Guide to CRS reporting work – Layman Version
Here’s a breakdown of how the CRS works in South Africa, explained in simple terms for a layperson, especially South Africans abroad or living in South Africa:
- Understanding the Common Reporting Standard (CRS) in South Africa
- The CRS in South Africa essentially involves five key steps that financial institutions must follow:
Identifying Reporting Financial Institutions (RFIs):
- What is an RFI? In simple terms, an RFI is a financial institution in South Africa (like a bank, savings institution, broker, investment fund, or certain insurance companies) that is required to check your accounts and report specific information to the South African Revenue Service (SARS). This includes legal entities (like companies) or legal arrangements (like trusts or partnerships), even though a trust isn’t usually considered an entity under South African common law, it is for these purposes.
- Who is Excluded? Certain financial institutions and accounts are specifically excluded from CRS reporting, generally those considered low-risk for tax evasion. Examples include government entities, broad or narrow participation retirement funds, qualified credit card issuers, and some collective investment vehicles. Accounts like retirement/pension accounts, tax-favoured accounts (like Tax Free Savings Accounts), and certain annuity contracts are also typically excluded.
Reviewing Financial Accounts:
- What is a Financial Account? This is any account held at an RFI. It covers various types, including savings accounts (depository accounts), investment accounts where assets are held for you (custodial accounts), interests in investment entities, and certain cash value insurance or annuity contracts.
- What are “Financial Assets”? These are the types of holdings that can make an account reportable, such as shares, bonds, commodities, certain swap agreements, insurance or annuity contracts, and interests in any of these. However, direct ownership of real estate (non-debt interest) is not included as a financial asset.
Identifying Reportable Accounts:
- What makes an account “Reportable”? An account becomes “reportable” if the account holder is a tax resident of a foreign jurisdiction – meaning, they pay taxes in a country outside of South Africa that is a CRS participating country.

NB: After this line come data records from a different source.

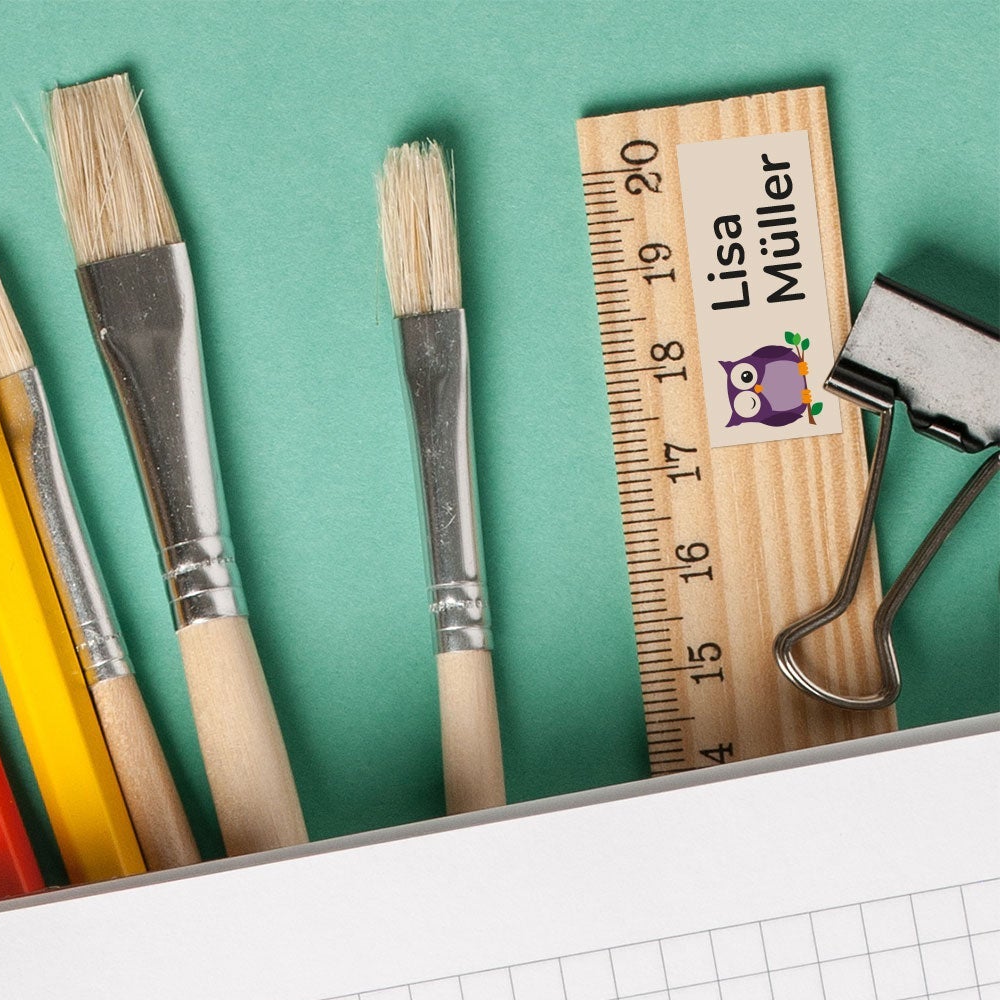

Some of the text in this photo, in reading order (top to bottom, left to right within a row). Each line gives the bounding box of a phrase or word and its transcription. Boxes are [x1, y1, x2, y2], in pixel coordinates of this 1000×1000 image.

[620, 139, 662, 195] 20
[756, 153, 806, 304] Müller
[638, 242, 676, 285] 19
[707, 214, 751, 311] Lisa
[650, 340, 688, 384] 18
[664, 443, 702, 484] 17
[675, 541, 714, 583] 16
[687, 641, 725, 685] 15
[700, 741, 734, 765] 4
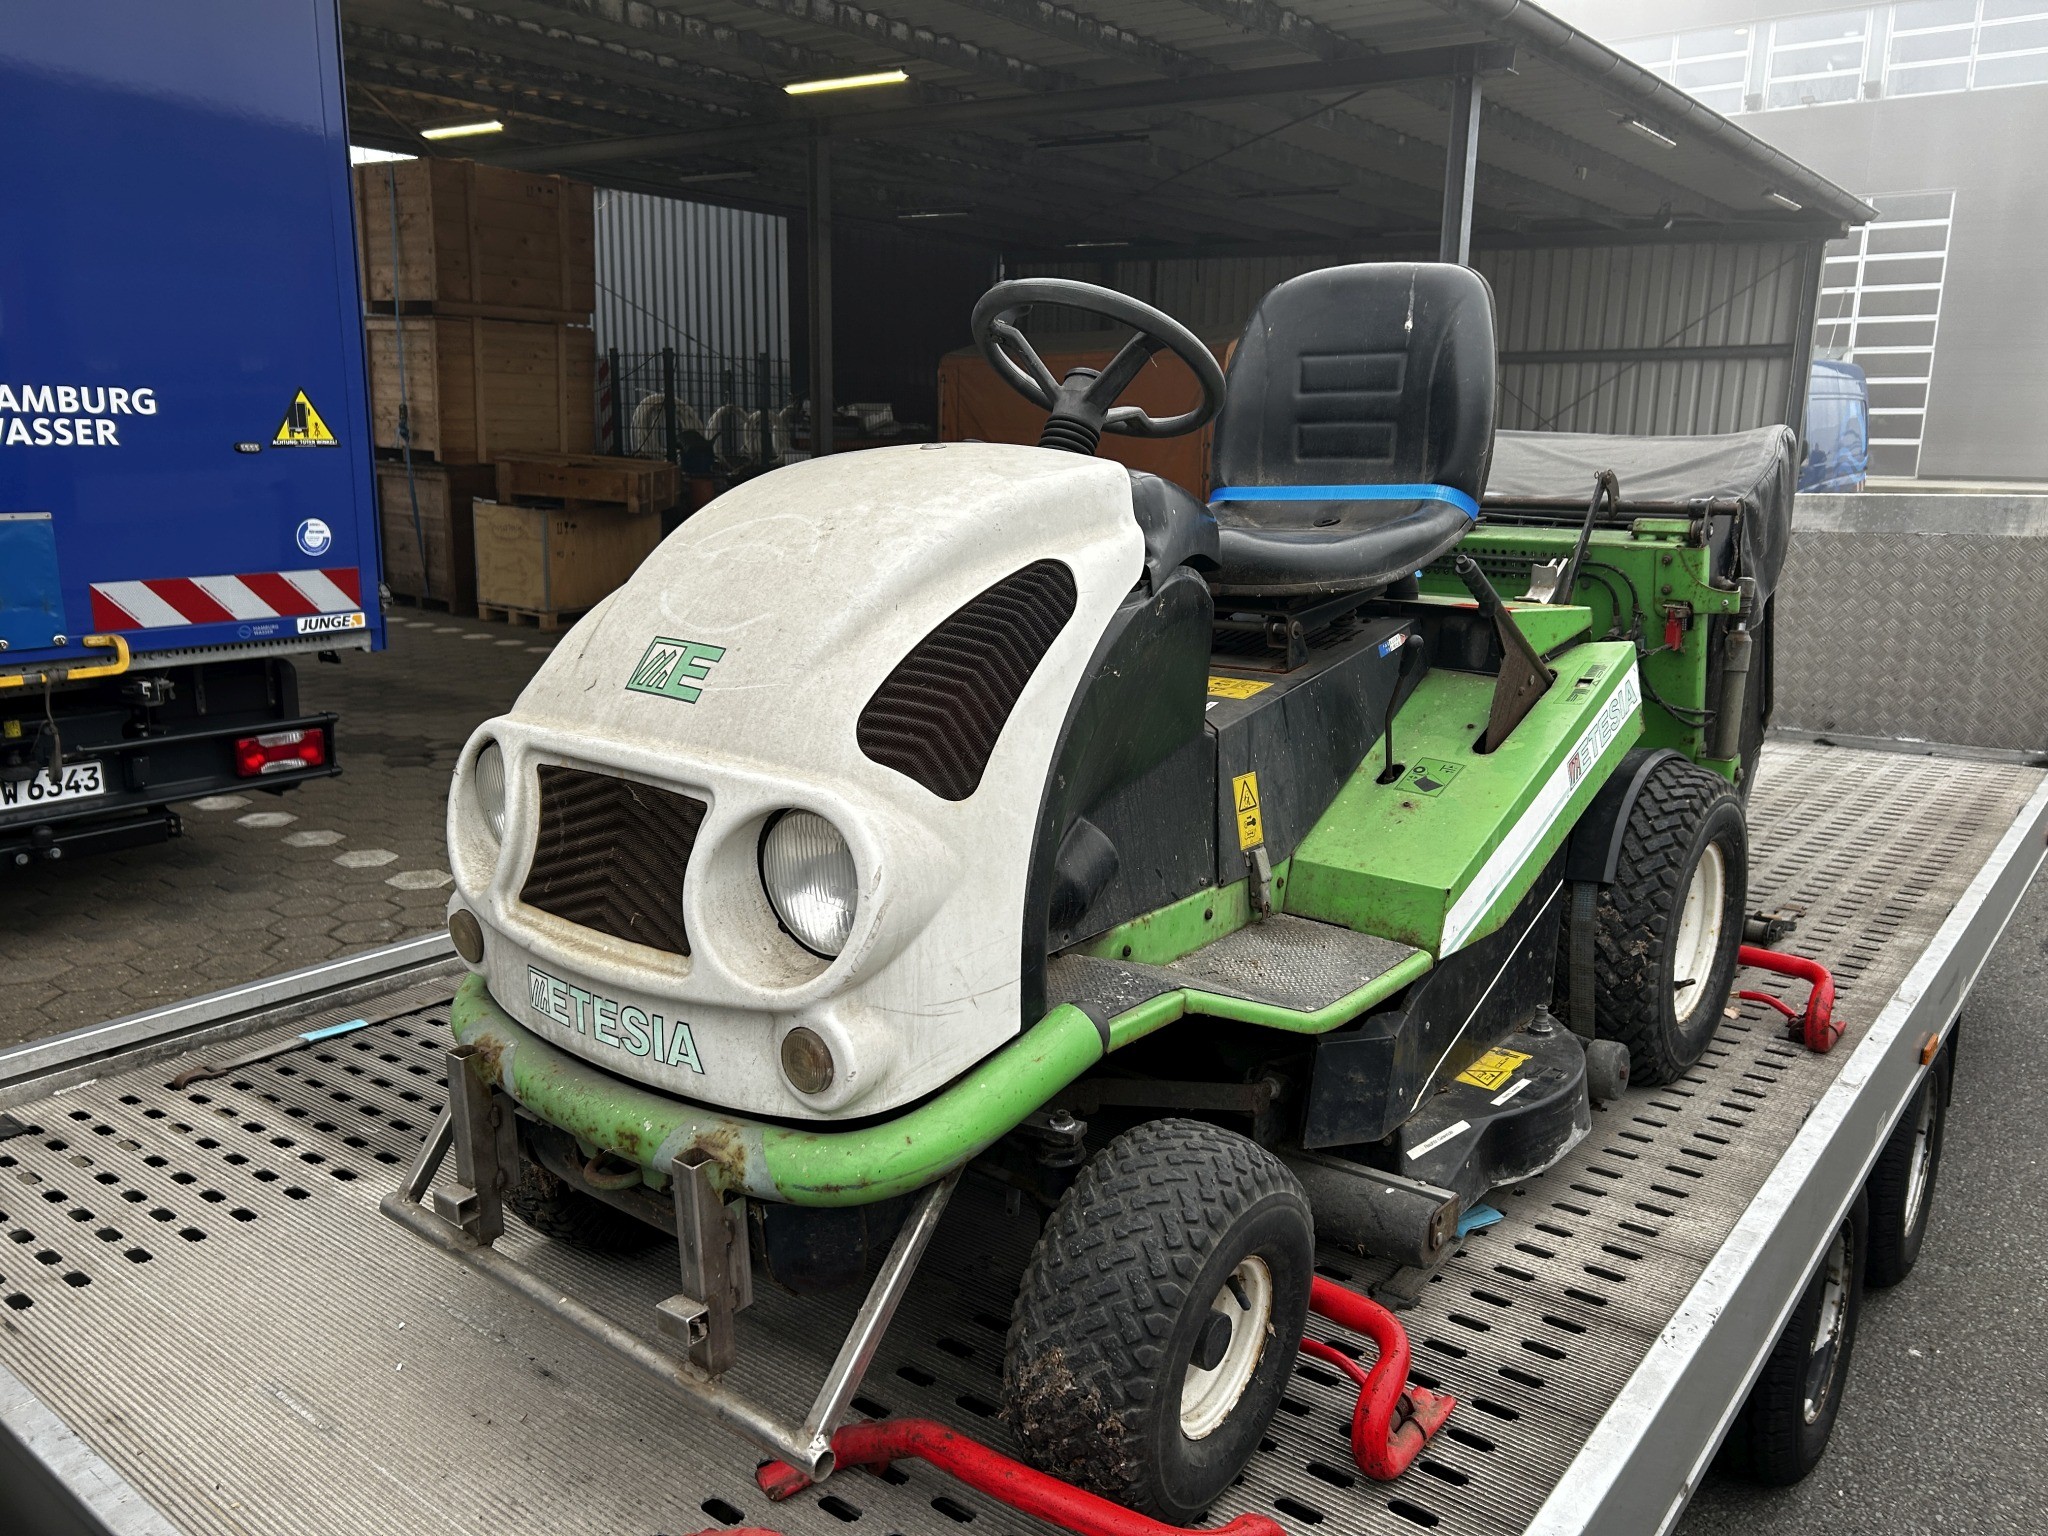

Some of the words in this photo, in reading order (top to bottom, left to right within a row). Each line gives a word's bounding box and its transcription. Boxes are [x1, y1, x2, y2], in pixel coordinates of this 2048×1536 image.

- What if the account holder is an Entity? For entities (like companies or trusts), it gets a bit more complex. An RFI must determine if the entity is a Passive Non-Financial Entity (PNFE). A PNFE is essentially an entity that primarily earns income from investments and is not actively trading or providing services. If an entity is a PNFE, the RFI must “look through” the entity to identify the natural person(s) who ultimately control it (Controlling Persons). If any of these controlling persons are tax residents of a foreign jurisdiction, then the entity’s account is reportable.
- Who are “Controlling Persons”? For a company, it’s typically someone with 25% or more ownership, or the senior managing official if no owner meets that threshold. For a trust, it includes the settlor (creator), trustee(s), protector(s), beneficiaries, and anyone else with ultimate effective control. This aligns with international anti-money laundering (AML) standards.

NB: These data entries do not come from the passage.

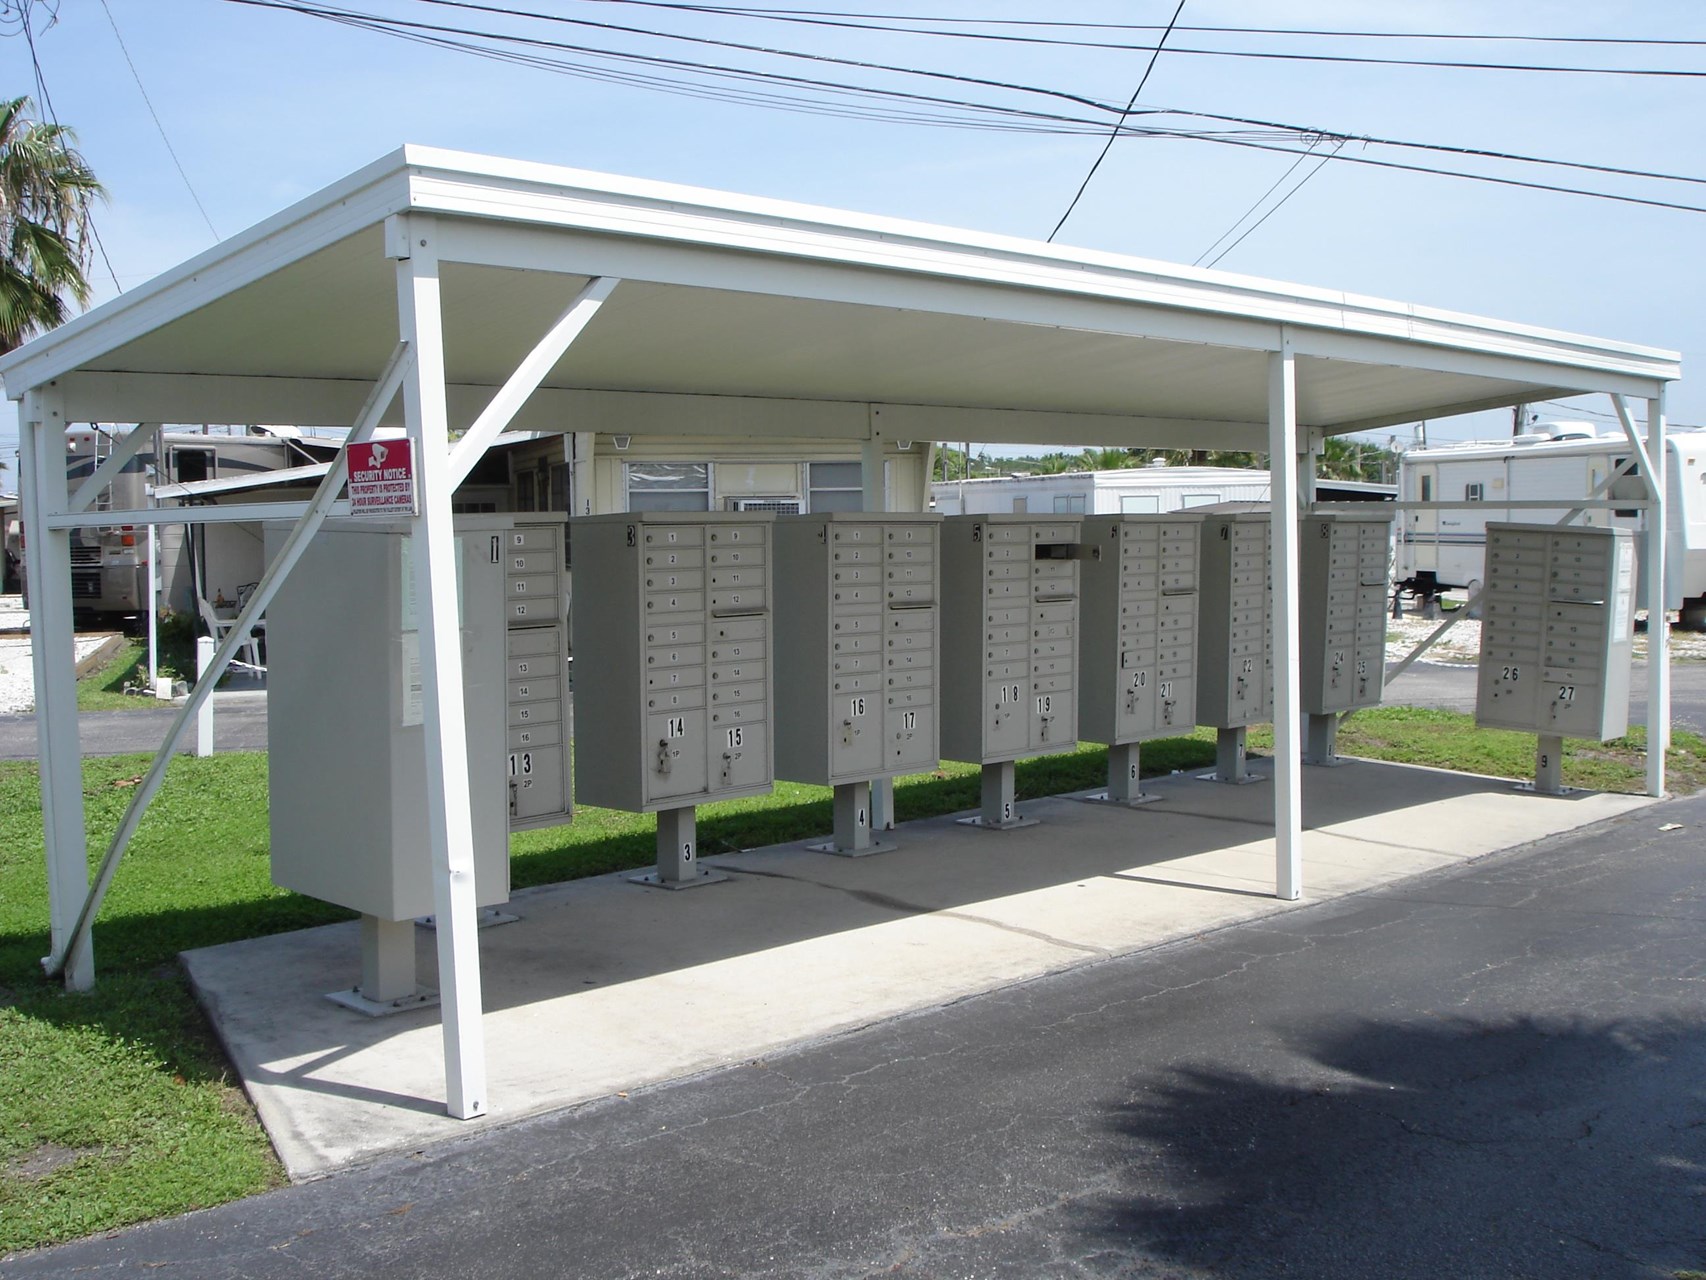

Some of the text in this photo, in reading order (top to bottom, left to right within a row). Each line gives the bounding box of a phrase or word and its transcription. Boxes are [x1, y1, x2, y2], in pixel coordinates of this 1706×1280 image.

[353, 467, 407, 482] SECURITY NOTICE
[627, 525, 635, 547] 3
[973, 523, 980, 542] 5
[1321, 523, 1329, 538] 8
[516, 536, 522, 544] 9
[516, 560, 524, 568] 10
[517, 583, 525, 591] 11
[517, 606, 525, 614] 12
[1335, 652, 1343, 665] 24
[519, 664, 528, 672] 13
[1357, 661, 1365, 674] 25
[1503, 667, 1518, 681] 26
[1134, 672, 1145, 687] 20
[520, 687, 528, 695] 14
[1003, 686, 1018, 702] 18
[1161, 683, 1171, 697] 21
[1559, 687, 1574, 700] 27
[853, 699, 864, 716] 16
[1039, 697, 1050, 713] 19
[521, 710, 529, 718] 15
[904, 712, 914, 729] 17
[670, 718, 683, 737] 14
[522, 733, 529, 741] 16
[729, 728, 741, 747] 15
[510, 753, 531, 775] 13
[1542, 755, 1547, 768] 9
[1132, 765, 1135, 779] 6
[523, 780, 532, 788] 2P
[859, 809, 864, 826] 4
[1005, 803, 1010, 819] 5
[685, 844, 690, 861] 3

- Due Diligence Procedures: How RFIs Check Your Accounts RFIs must follow specific procedures to identify reportable accounts. These procedures differ depending on whether the account is for an individual or an entity, and whether it’s an “old” (pre-existing) or “new” account.
For Individuals:
- Pre-existing Accounts (Open before March 1, 2016):
- Lower Value Accounts (under $1 million): The RFI can check your recorded residential address. If that doesn’t work, they’ll search their electronic records for signs of foreign tax residency (like a foreign address, foreign phone number, or instructions to transfer funds to a foreign account). If such “foreign indicia” are found, the account becomes reportable unless the RFI “cures” it by getting a self-certification (a declaration from you about your tax residency) and supporting evidence.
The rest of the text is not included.